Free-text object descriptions
....
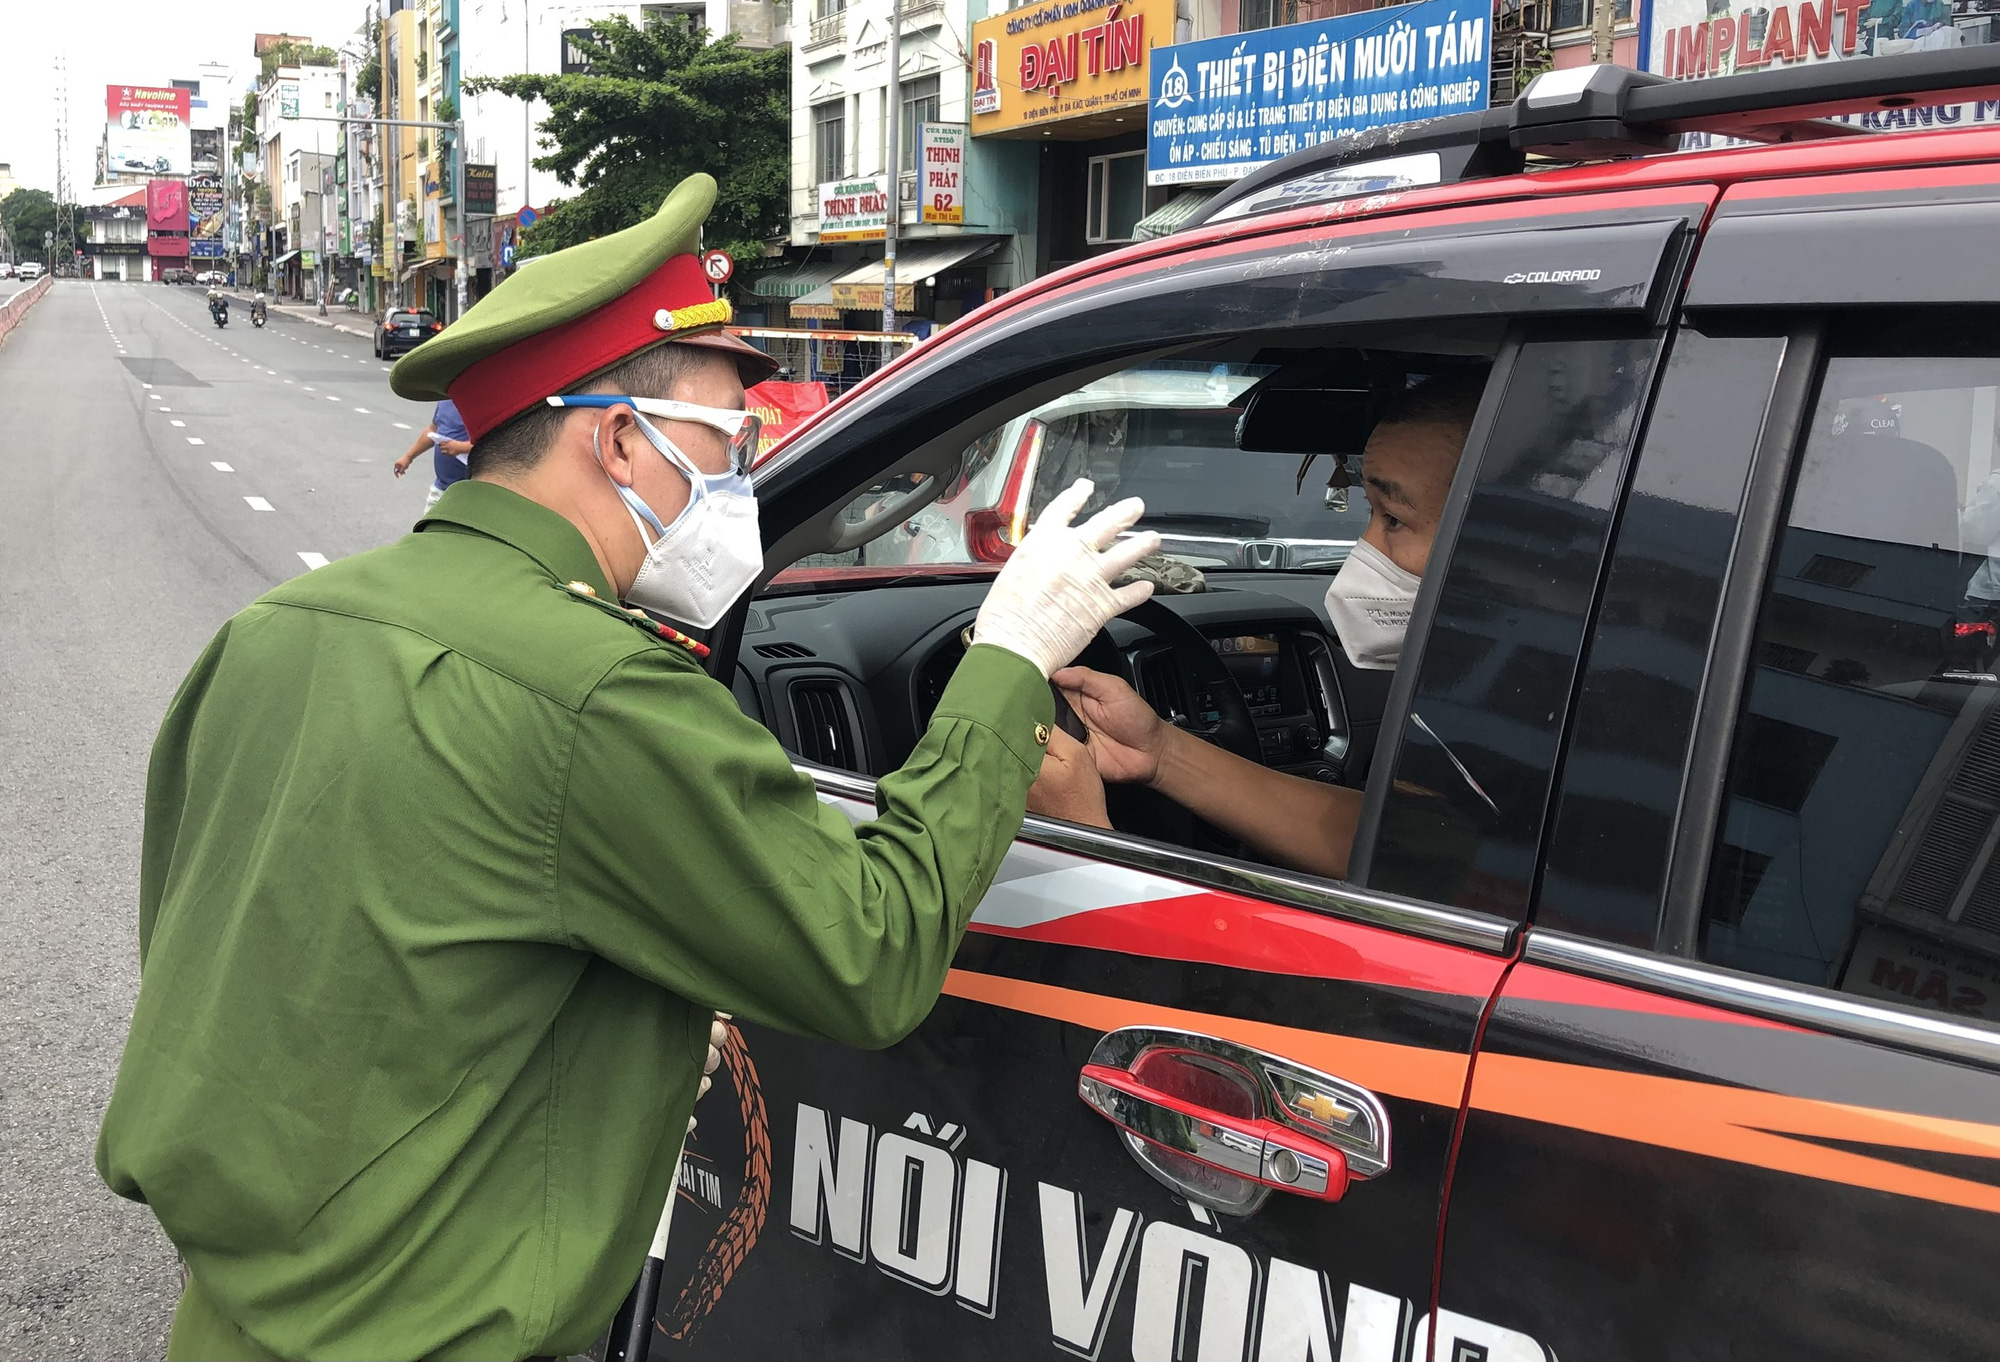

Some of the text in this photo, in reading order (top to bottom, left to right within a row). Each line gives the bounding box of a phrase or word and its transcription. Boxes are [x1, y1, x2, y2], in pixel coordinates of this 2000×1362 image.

[1663, 0, 1871, 79] IMPLANT
[1019, 4, 1143, 98] ĐẠI TÍN
[1197, 10, 1483, 100] THIẾT BỊ ĐIỆN MƯỜI TÁM
[134, 89, 176, 101] Havoline
[1128, 88, 1142, 99] MINH
[1166, 77, 1183, 97] 18
[973, 95, 996, 108] ĐẠI TÍN
[1153, 114, 1185, 138] CHUYÊN:
[1186, 110, 1207, 135] CUNG
[1209, 106, 1225, 131] CẤP
[1237, 111, 1244, 127] &
[1245, 102, 1256, 127] LẺ
[1258, 105, 1286, 125] TRANG
[1288, 95, 1314, 122] THIẾT
[1316, 100, 1327, 121] BỊ
[1328, 94, 1350, 120] ĐIỆN
[1352, 96, 1368, 116] GIA
[1371, 93, 1397, 116] DỤNG
[1400, 92, 1408, 110] &
[1410, 84, 1437, 109] CÔNG
[1440, 76, 1480, 106] NGHIỆP
[1169, 137, 1181, 163] ỔN
[1183, 139, 1194, 161] ÁP
[1201, 132, 1226, 160] CHIẾU
[1228, 134, 1251, 157] SÁNG
[1259, 133, 1271, 155] TỦ
[1274, 129, 1296, 156] ĐIỆN
[1304, 125, 1317, 148] TỦ
[926, 147, 960, 165] THỊNH
[929, 168, 958, 188] PHÁT
[1155, 174, 1166, 183] ĐC:
[1169, 173, 1176, 181] 18
[1177, 168, 1193, 182] ĐIỆN
[1195, 166, 1211, 179] BIÊN
[1234, 168, 1241, 176] P.
[824, 188, 887, 220] THỊNH PHÁT
[934, 193, 953, 212] 62
[925, 212, 937, 220] Mai
[938, 212, 948, 221] Thị
[1526, 269, 1601, 283] COLORADO
[756, 403, 782, 425] SOÁT
[1870, 419, 1896, 428] CLEAR
[697, 1167, 722, 1209] TIM
[790, 1102, 1008, 1319] NỐI
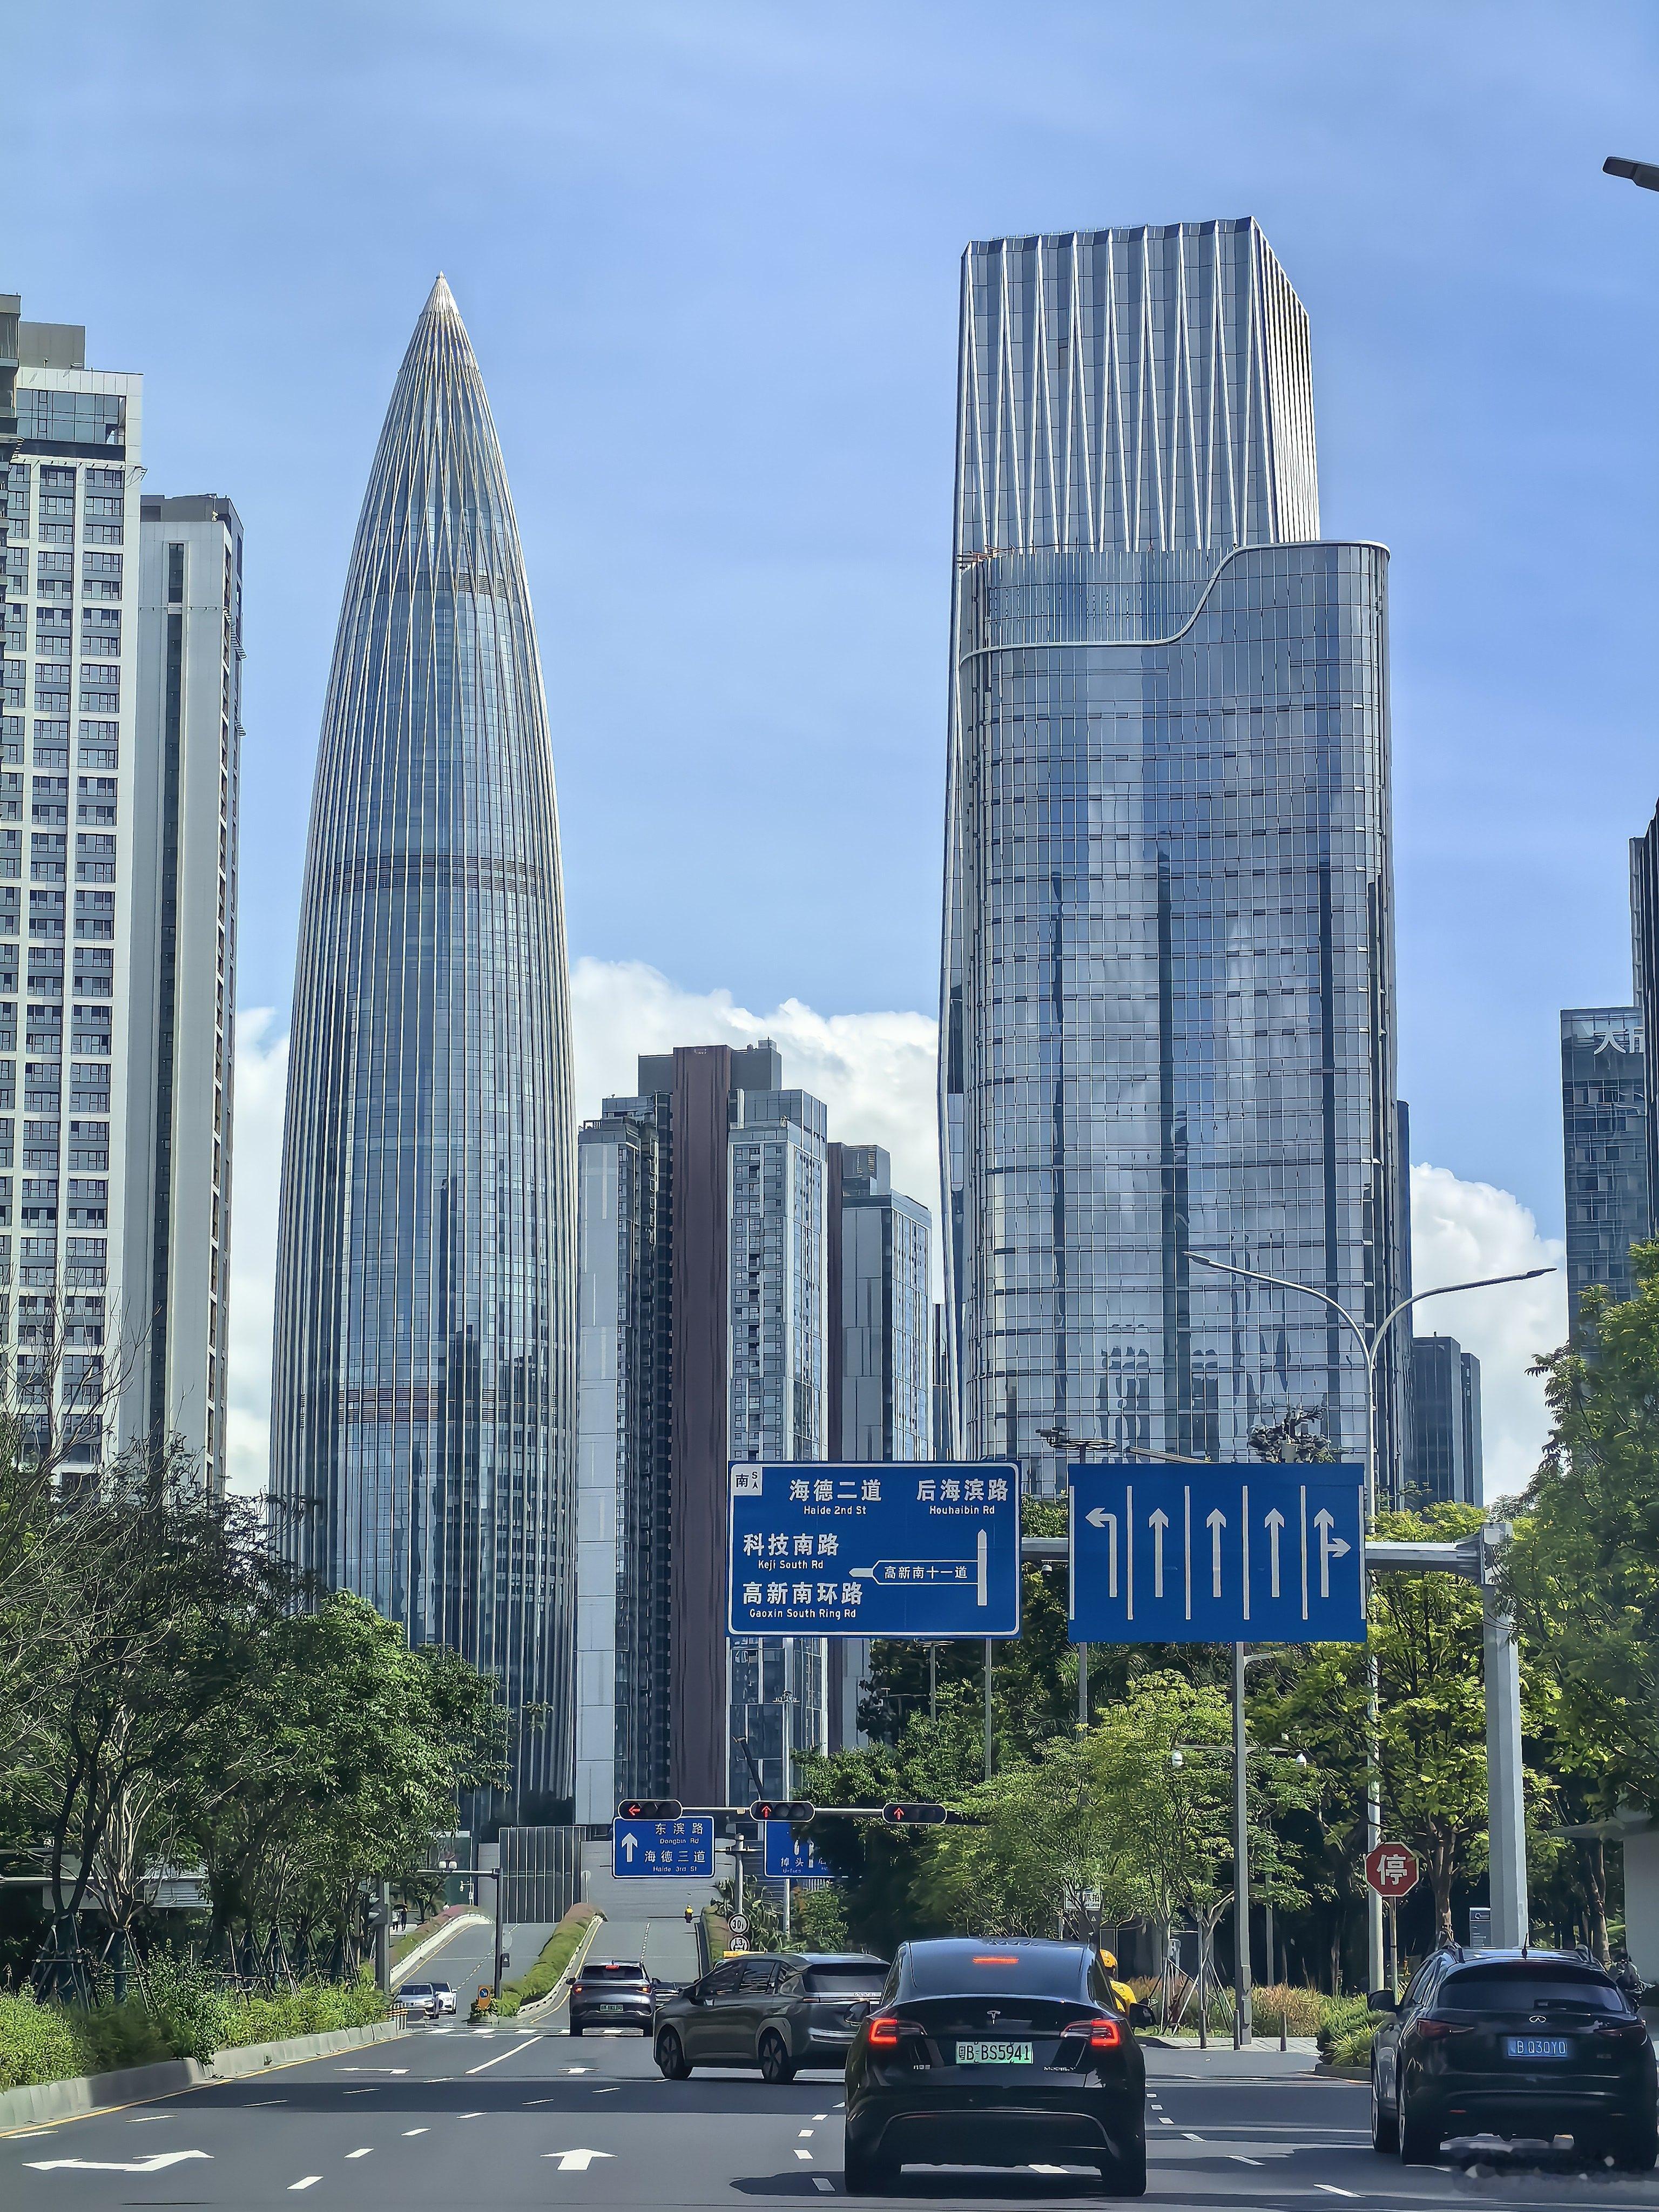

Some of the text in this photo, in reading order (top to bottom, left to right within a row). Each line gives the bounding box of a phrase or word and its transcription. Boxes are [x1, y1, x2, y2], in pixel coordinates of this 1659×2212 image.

[736, 1473, 749, 1488] 南
[752, 1471, 758, 1479] S
[789, 1479, 881, 1501] 海德二道
[916, 1478, 1008, 1501] 后海滨路
[804, 1505, 866, 1514] Haide 2nd St
[929, 1505, 995, 1514] Houhaibin Rd
[743, 1533, 839, 1556] 科技南路
[758, 1560, 824, 1571] Keji South Rd
[884, 1566, 968, 1579] 高新南十一道
[743, 1581, 863, 1605] 高新南环路
[750, 1608, 856, 1620] Gaoxin South Ring Rd
[655, 1823, 703, 1835] 东滨路
[644, 1850, 705, 1863] 海德三道
[1377, 1853, 1407, 1885] 停
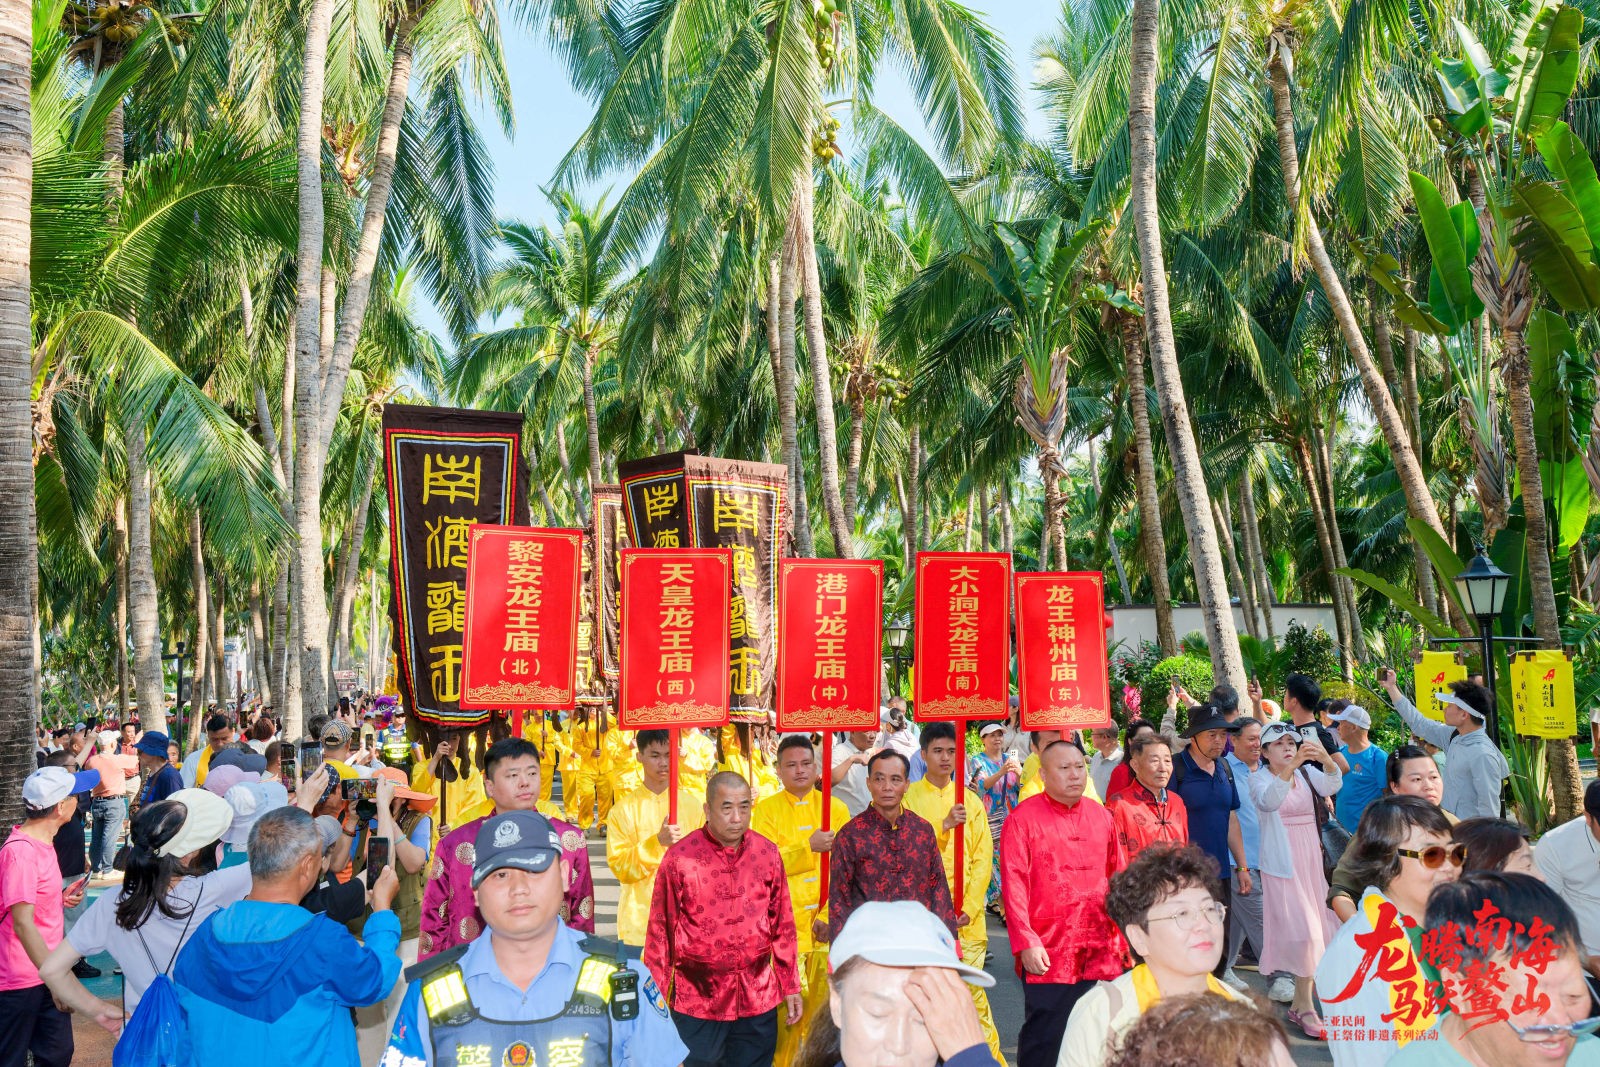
....
◆ **Action item**
Copy the entries exactly. Leave out the images.

◆ **Result of this exercise**
Some of the text in this photo, in reading order (top to bottom, left to right within a row). Each line gives the bounding box of a phrase or word and its transcription. Boxes are [x1, y1, x2, y2], in pixel coordinates of this 2000×1362 image.

[1663, 0, 1871, 79] IMPLANT
[1019, 4, 1143, 98] ĐẠI TÍN
[1197, 10, 1483, 100] THIẾT BỊ ĐIỆN MƯỜI TÁM
[134, 89, 176, 101] Havoline
[1128, 88, 1142, 99] MINH
[1166, 77, 1183, 97] 18
[973, 95, 996, 108] ĐẠI TÍN
[1153, 114, 1185, 138] CHUYÊN:
[1186, 110, 1207, 135] CUNG
[1209, 106, 1225, 131] CẤP
[1237, 111, 1244, 127] &
[1245, 102, 1256, 127] LẺ
[1258, 105, 1286, 125] TRANG
[1288, 95, 1314, 122] THIẾT
[1316, 100, 1327, 121] BỊ
[1328, 94, 1350, 120] ĐIỆN
[1352, 96, 1368, 116] GIA
[1371, 93, 1397, 116] DỤNG
[1400, 92, 1408, 110] &
[1410, 84, 1437, 109] CÔNG
[1440, 76, 1480, 106] NGHIỆP
[1169, 137, 1181, 163] ỔN
[1183, 139, 1194, 161] ÁP
[1201, 132, 1226, 160] CHIẾU
[1228, 134, 1251, 157] SÁNG
[1259, 133, 1271, 155] TỦ
[1274, 129, 1296, 156] ĐIỆN
[1304, 125, 1317, 148] TỦ
[926, 147, 960, 165] THỊNH
[929, 168, 958, 188] PHÁT
[1155, 174, 1166, 183] ĐC:
[1169, 173, 1176, 181] 18
[1177, 168, 1193, 182] ĐIỆN
[1195, 166, 1211, 179] BIÊN
[1234, 168, 1241, 176] P.
[824, 188, 887, 220] THỊNH PHÁT
[934, 193, 953, 212] 62
[925, 212, 937, 220] Mai
[938, 212, 948, 221] Thị
[1526, 269, 1601, 283] COLORADO
[756, 403, 782, 425] SOÁT
[1870, 419, 1896, 428] CLEAR
[697, 1167, 722, 1209] TIM
[790, 1102, 1008, 1319] NỐI

Some of the text in this photo, in reading order (top to bottom, left to right within a row). Each line gives the bounding box of a phrase or word and its transcription. Boxes are [x1, y1, x2, y2], in pixel coordinates of this 1659×2212 image.

[736, 1473, 749, 1488] 南
[752, 1471, 758, 1479] S
[789, 1479, 881, 1501] 海德二道
[916, 1478, 1008, 1501] 后海滨路
[804, 1505, 866, 1514] Haide 2nd St
[929, 1505, 995, 1514] Houhaibin Rd
[743, 1533, 839, 1556] 科技南路
[758, 1560, 824, 1571] Keji South Rd
[884, 1566, 968, 1579] 高新南十一道
[743, 1581, 863, 1605] 高新南环路
[750, 1608, 856, 1620] Gaoxin South Ring Rd
[655, 1823, 703, 1835] 东滨路
[644, 1850, 705, 1863] 海德三道
[1377, 1853, 1407, 1885] 停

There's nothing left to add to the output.